Each one of you is so bright that night falls a full hour later wherever
you live.
NIAGARA FALLS, NY - Stunt man Lucky Hinterman died while attempting to
go over Niagara Falls in a barrel. Brother and equipment manager Brent
Hinterman took full responsibility for the tragedy. "I was in charge of
getting the barrel all cushioned and reinforced. But my son had a
soccer game, and in my book, family comes first." When asked if he
considered his brother to be a member of the family, Brent said, "Well, I
suppose that's one way to look at it."
BRENTWOOD, CA - Beautician and self-described "best collector ever"

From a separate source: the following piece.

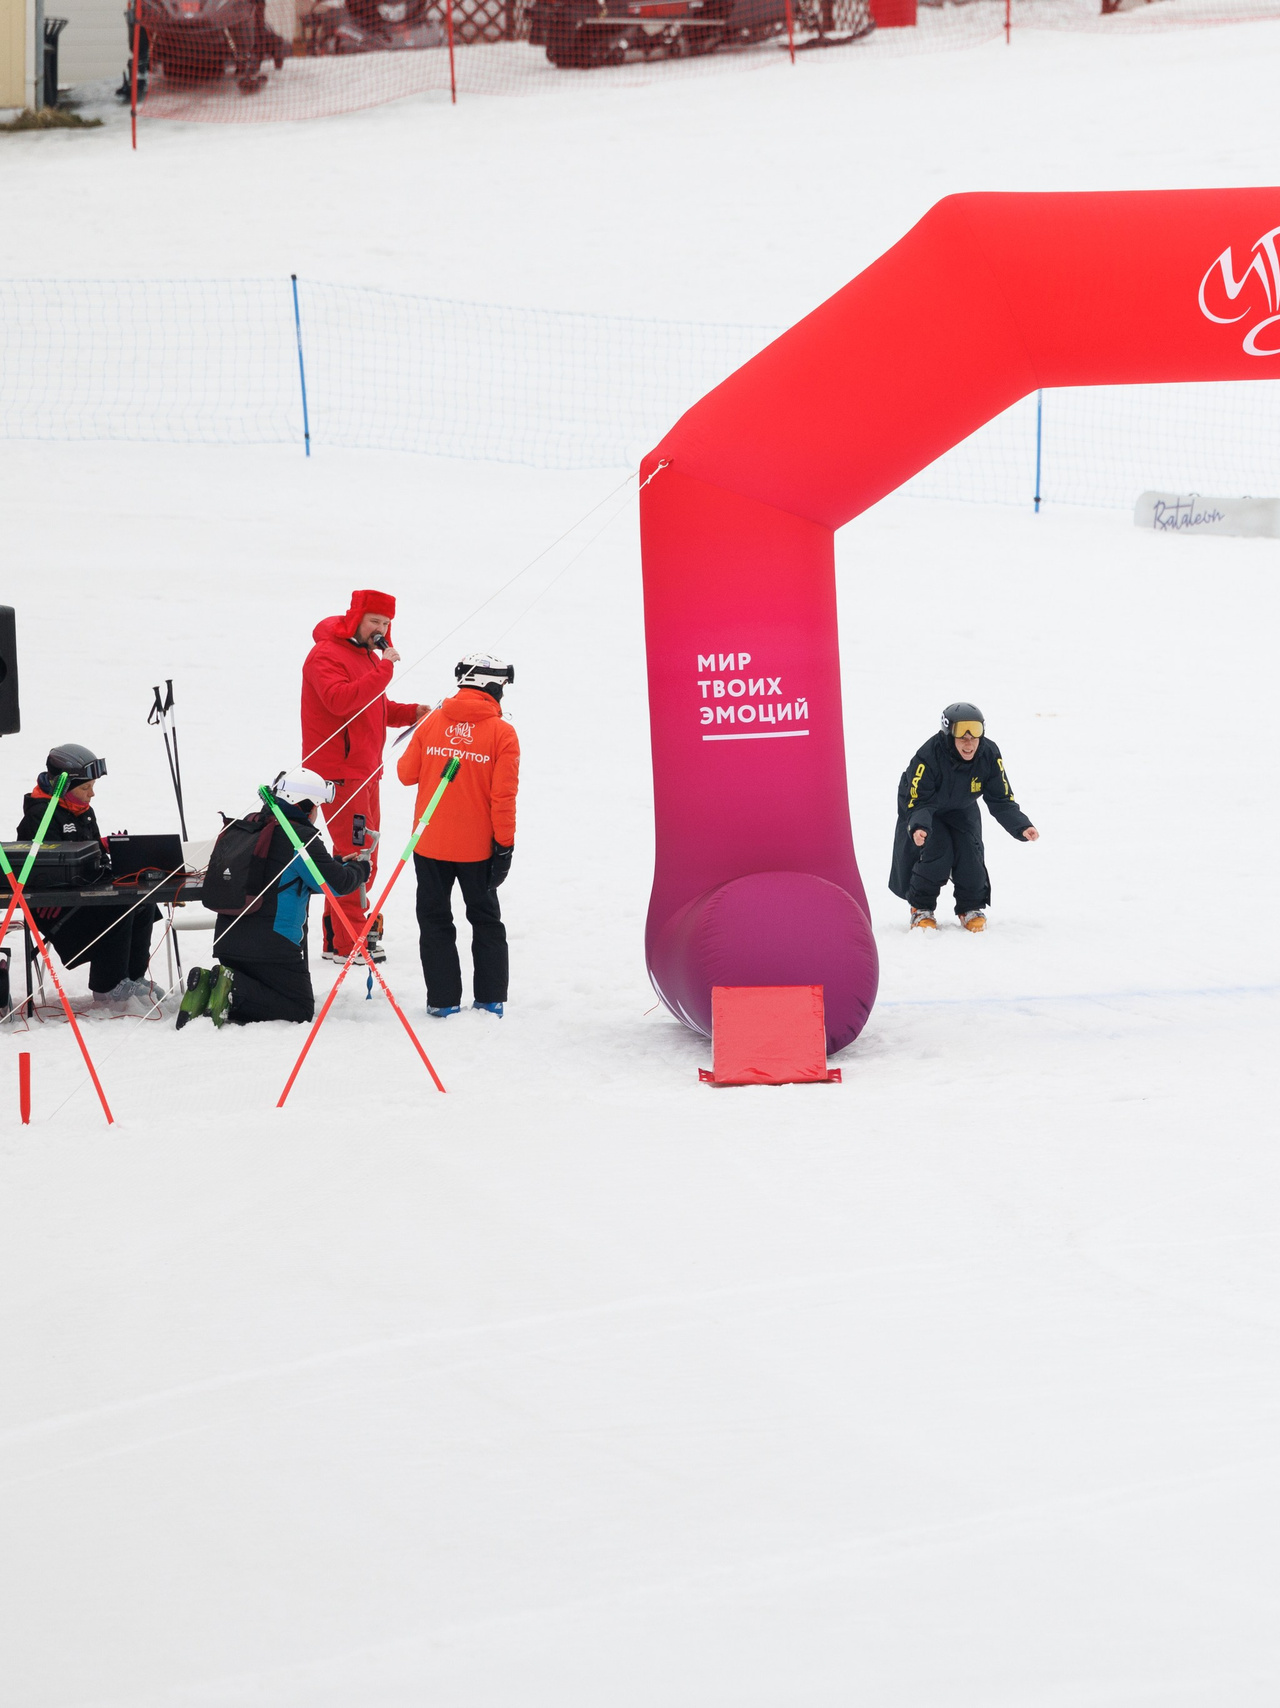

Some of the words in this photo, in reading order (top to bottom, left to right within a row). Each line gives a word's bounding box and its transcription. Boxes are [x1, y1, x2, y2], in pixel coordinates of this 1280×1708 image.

Betty Blakeslee has the world's largest random collection. "I started out
collecting things that had something in common. You know, Beanie
Babies, porcelain unicorns, that sort of thing. But I realized it was
limiting me. My eureka-moment came when I realized I didn't need to be bound
by the old rules. I could collect any objects whatsoever and put them
all together." Blakeslee's collection boasts a bottle cap, a steering
wheel from a Ford Pinto, and 900 bags of household trash.
EUGENE, OR - Bradley Wilkerson came out of a coma yesterday, only to
realize that he couldn't think of anything worth saying or doing. Five
years ago, never known for his vibrant personality, Wilkerson had been in
a coma for ten days before anyone in his family noticed. "He'd always
been a good listener but I noticed that he kept wearing the same
clothes," said wife Peggy.
Doctors at Our Lady of Perpetual Motion described his coma as
self-induced. "It looked voluntary to us," explained Doctor Spumken. "Sometimes
we see guys who are just trying to beat the system. You know - free
intravenous meals, don't have to work, sponge baths. But we can usually
weed them out with tickling. This guy had a lot of self-control."

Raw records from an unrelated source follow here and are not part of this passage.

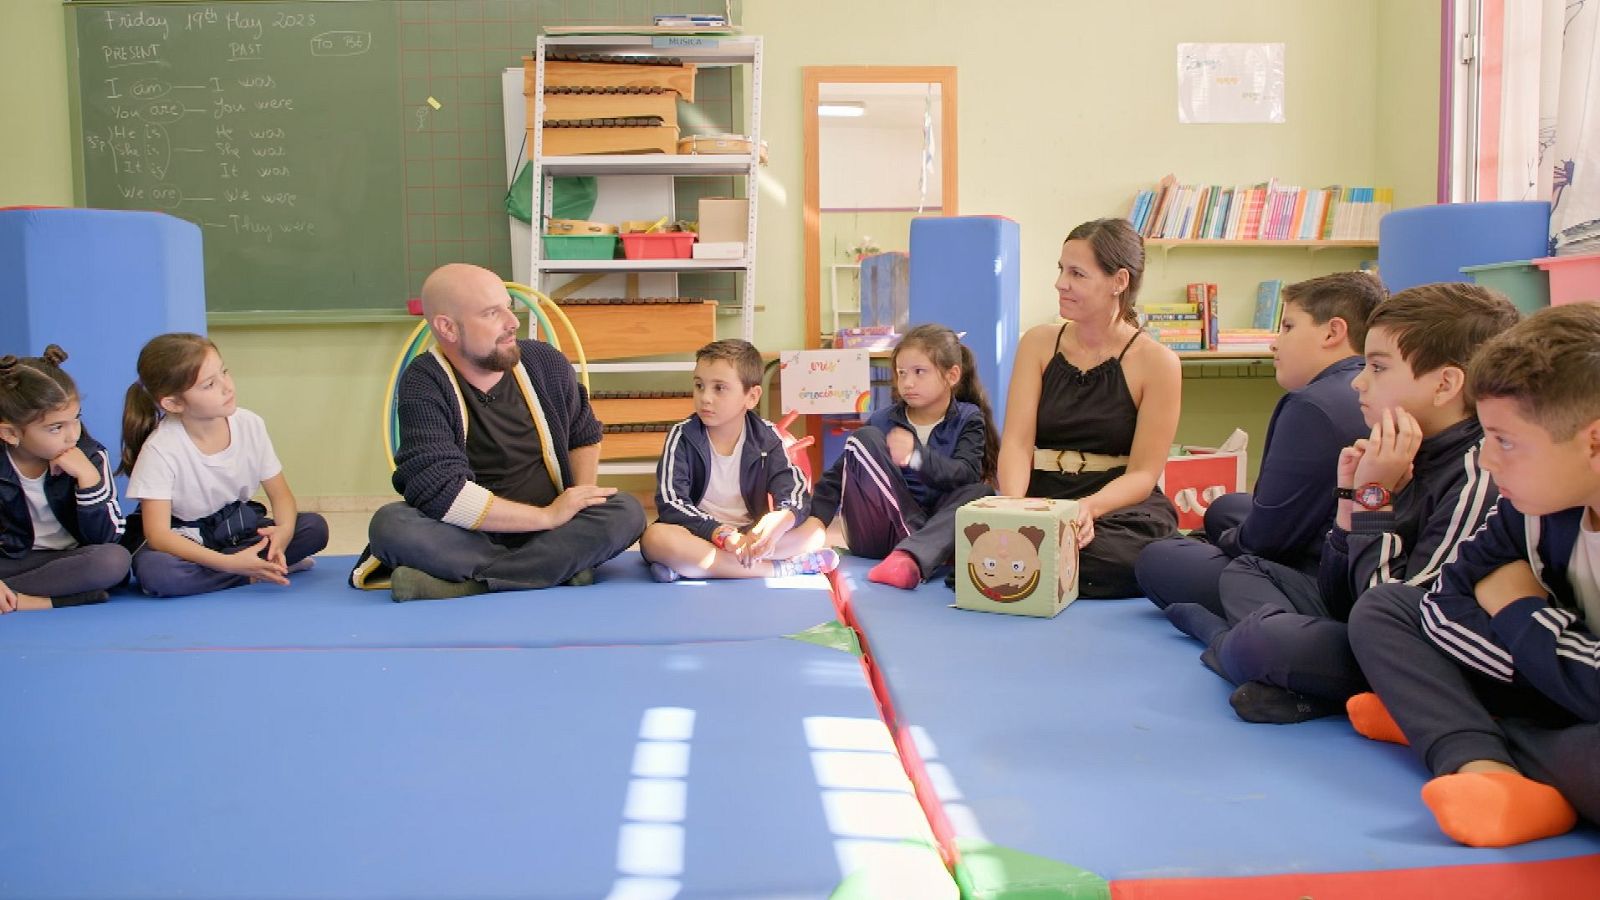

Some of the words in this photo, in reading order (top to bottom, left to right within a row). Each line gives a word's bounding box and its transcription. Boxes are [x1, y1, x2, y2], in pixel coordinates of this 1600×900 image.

[104, 10, 169, 40] Friday
[272, 12, 317, 28] 2023
[102, 43, 160, 63] PRESENT
[229, 42, 263, 57] PAST
[104, 77, 123, 99] I
[132, 82, 163, 96] am
[209, 77, 224, 92] I
[238, 74, 276, 89] was
[111, 105, 140, 119] You
[150, 103, 179, 116] are
[256, 98, 294, 111] were
[114, 125, 136, 139] He
[145, 124, 161, 139] is
[216, 124, 234, 140] He
[249, 127, 285, 139] was
[115, 141, 140, 156] She
[215, 142, 241, 158] She
[251, 146, 286, 157] was
[124, 160, 144, 173] It
[220, 162, 240, 178] It
[257, 166, 290, 177] was
[117, 183, 145, 199] We
[152, 188, 177, 200] are
[224, 185, 252, 202] We
[261, 192, 297, 207] were

SCOTIA, NY - Bank teller and Renaissance man Mark Bunter changed his
political viewpoints yesterday. It's the first known change of opinion by
a person who had previously made up his mind. "I was doing my research
before the election, paying attention to all the informative ads on
television, and suddenly I just changed my mind. It felt good!"
Bunter later changed his mind back to his original views, noting that
he had been right all along. Still, it was a first, and Bunter has been
asked to give inspirational talks to corporations on the subject of
pretending to embrace change.
TANNERSVILLE, NY - Scientists have discovered that your nose DOES grow
when you lie. Head researcher Toby Flemming explained, "You've probably
noticed that people's noses get bigger as they get older. That's
because old people are huge liars. You don't know that they're lying most of
the time because they're so experienced at it." Explained Flemming,
"The typical married male's proboscis grows 15% over his lifetime just
from agreeing with his wife in the hope that it will make her stop
talking."
TRUE TALES OF INDUHVIDUALS
Here are some more true tales of induhviduals, as reported by vigilant
DNRC operatives in the field.
--
A friend of mine took his California girlfriend to the east coast for a
vacation. He took her to see her first sunrise over the ocean. After
watching the view, she said, "That was great. Does it come up EVERY
morning here?"
--
Last weekend, my in-laws visited and brought some "20% off" coupons for
the local Do-It-Yourself warehouse. We need new flooring for our
kitchen, so my mother-in-law said we could take two coupons and get 40% off.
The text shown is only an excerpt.